Source material START

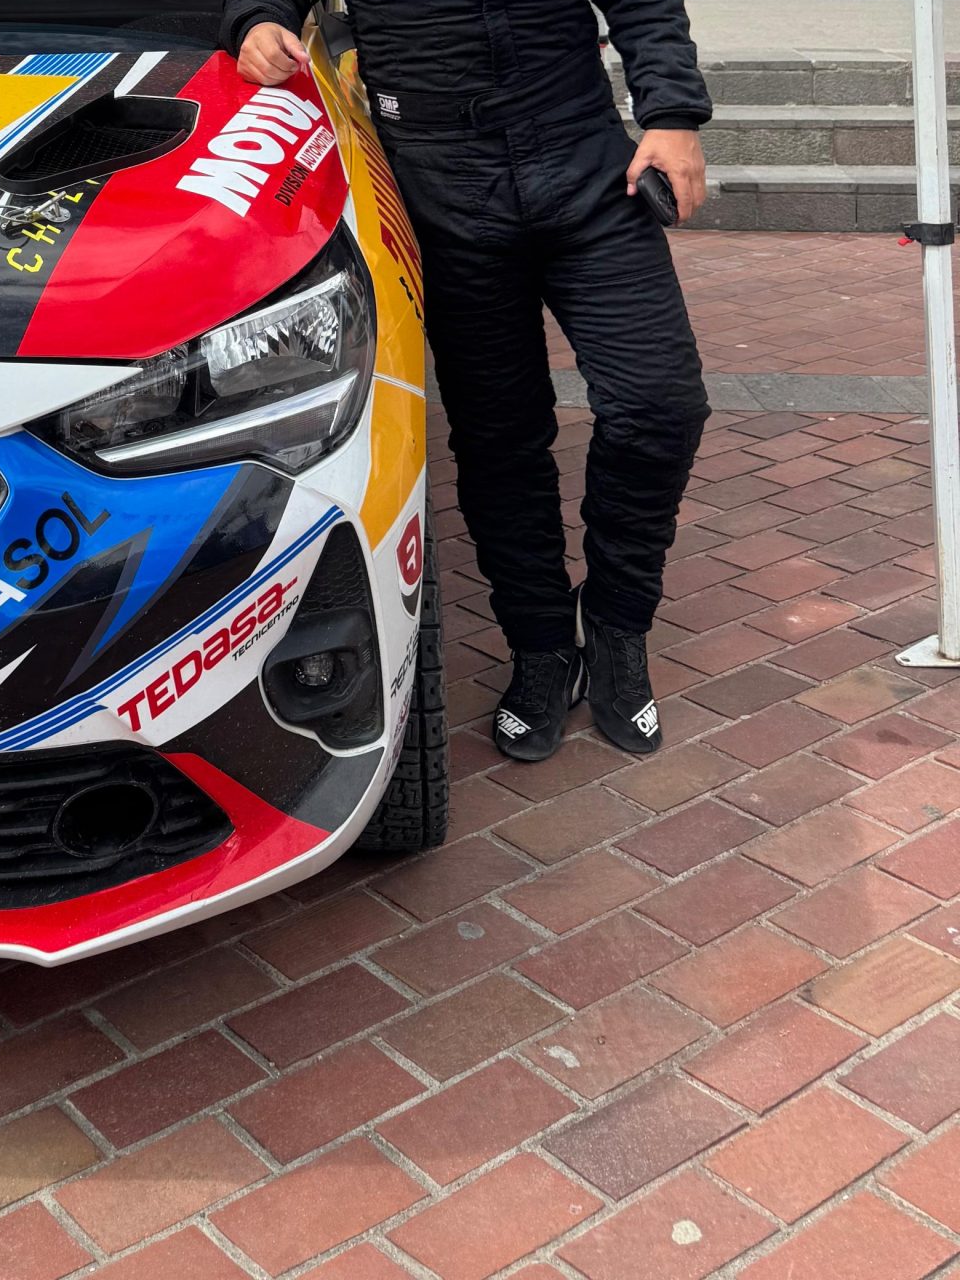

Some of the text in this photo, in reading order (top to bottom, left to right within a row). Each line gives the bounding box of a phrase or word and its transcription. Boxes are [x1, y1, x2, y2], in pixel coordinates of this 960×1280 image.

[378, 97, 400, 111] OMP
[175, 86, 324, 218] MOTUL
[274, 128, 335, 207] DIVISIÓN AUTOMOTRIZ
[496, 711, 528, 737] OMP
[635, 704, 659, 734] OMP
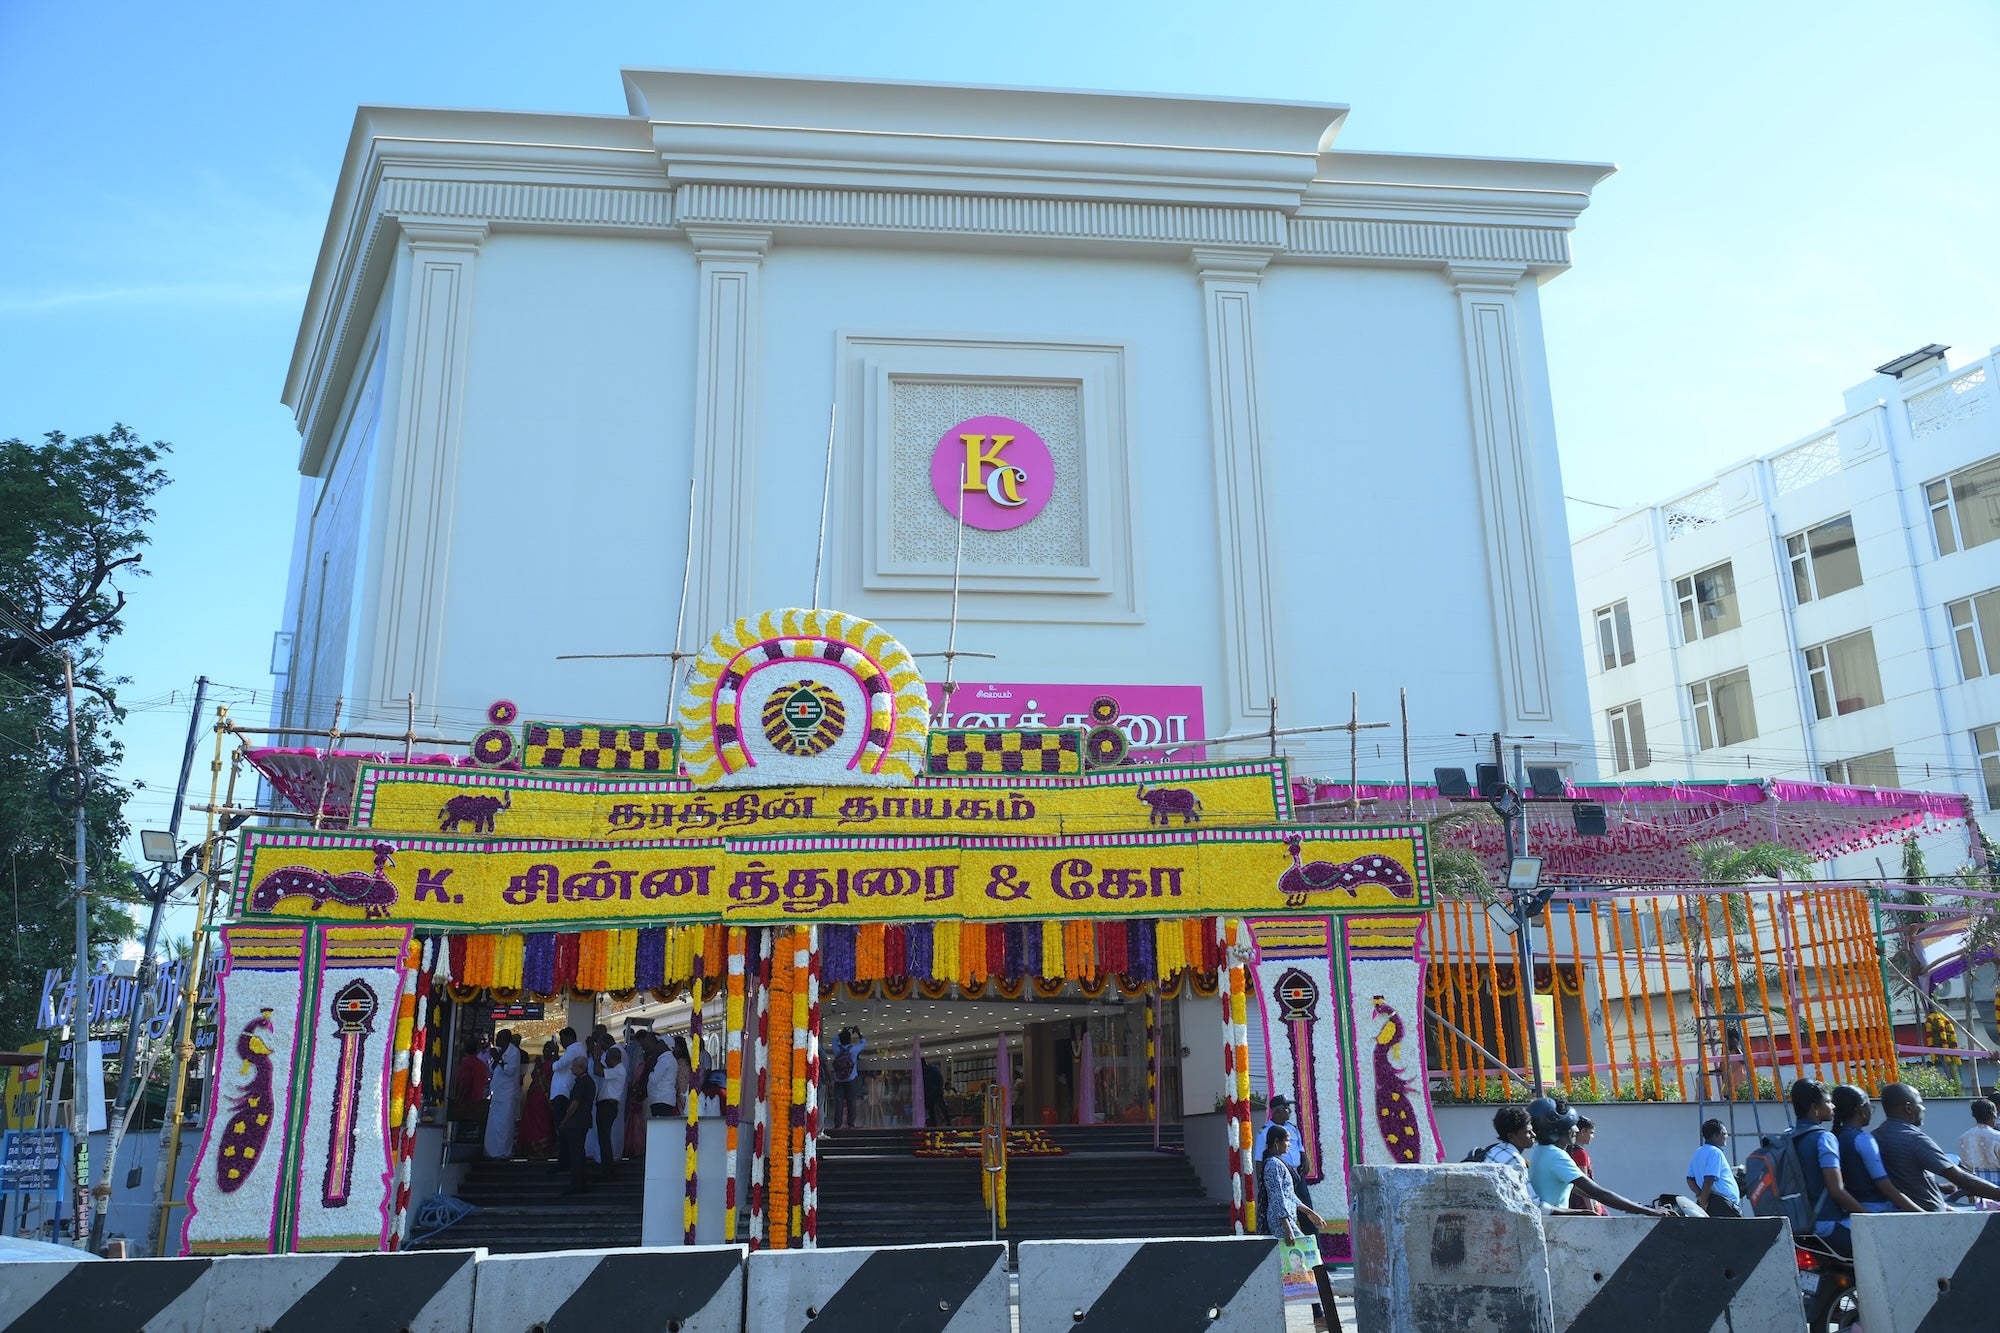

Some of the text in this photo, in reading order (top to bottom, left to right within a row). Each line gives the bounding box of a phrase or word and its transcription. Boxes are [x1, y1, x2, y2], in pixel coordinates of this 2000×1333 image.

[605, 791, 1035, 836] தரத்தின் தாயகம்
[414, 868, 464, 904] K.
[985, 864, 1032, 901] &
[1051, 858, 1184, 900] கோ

Source material END

**What is needed**
Output all the records above exactly, but without their images.

**Response area**
Some of the text in this photo, in reading order (top to bottom, left to right within a row). Each line gives the bounding box of a phrase or word and its transcription. Boxes are [x1, y1, x2, y2], in pixel coordinates of this 960×1280 image.

[378, 97, 400, 111] OMP
[175, 86, 324, 218] MOTUL
[274, 128, 335, 207] DIVISIÓN AUTOMOTRIZ
[496, 711, 528, 737] OMP
[635, 704, 659, 734] OMP

Some of the text in this photo, in reading order (top to bottom, left to right within a row). Each line gives the bounding box of a phrase or word and its transcription. Boxes are [x1, y1, x2, y2], in pixel coordinates of this 2000×1333 image.

[605, 791, 1035, 836] தரத்தின் தாயகம்
[414, 868, 464, 904] K.
[985, 864, 1032, 901] &
[1051, 858, 1184, 900] கோ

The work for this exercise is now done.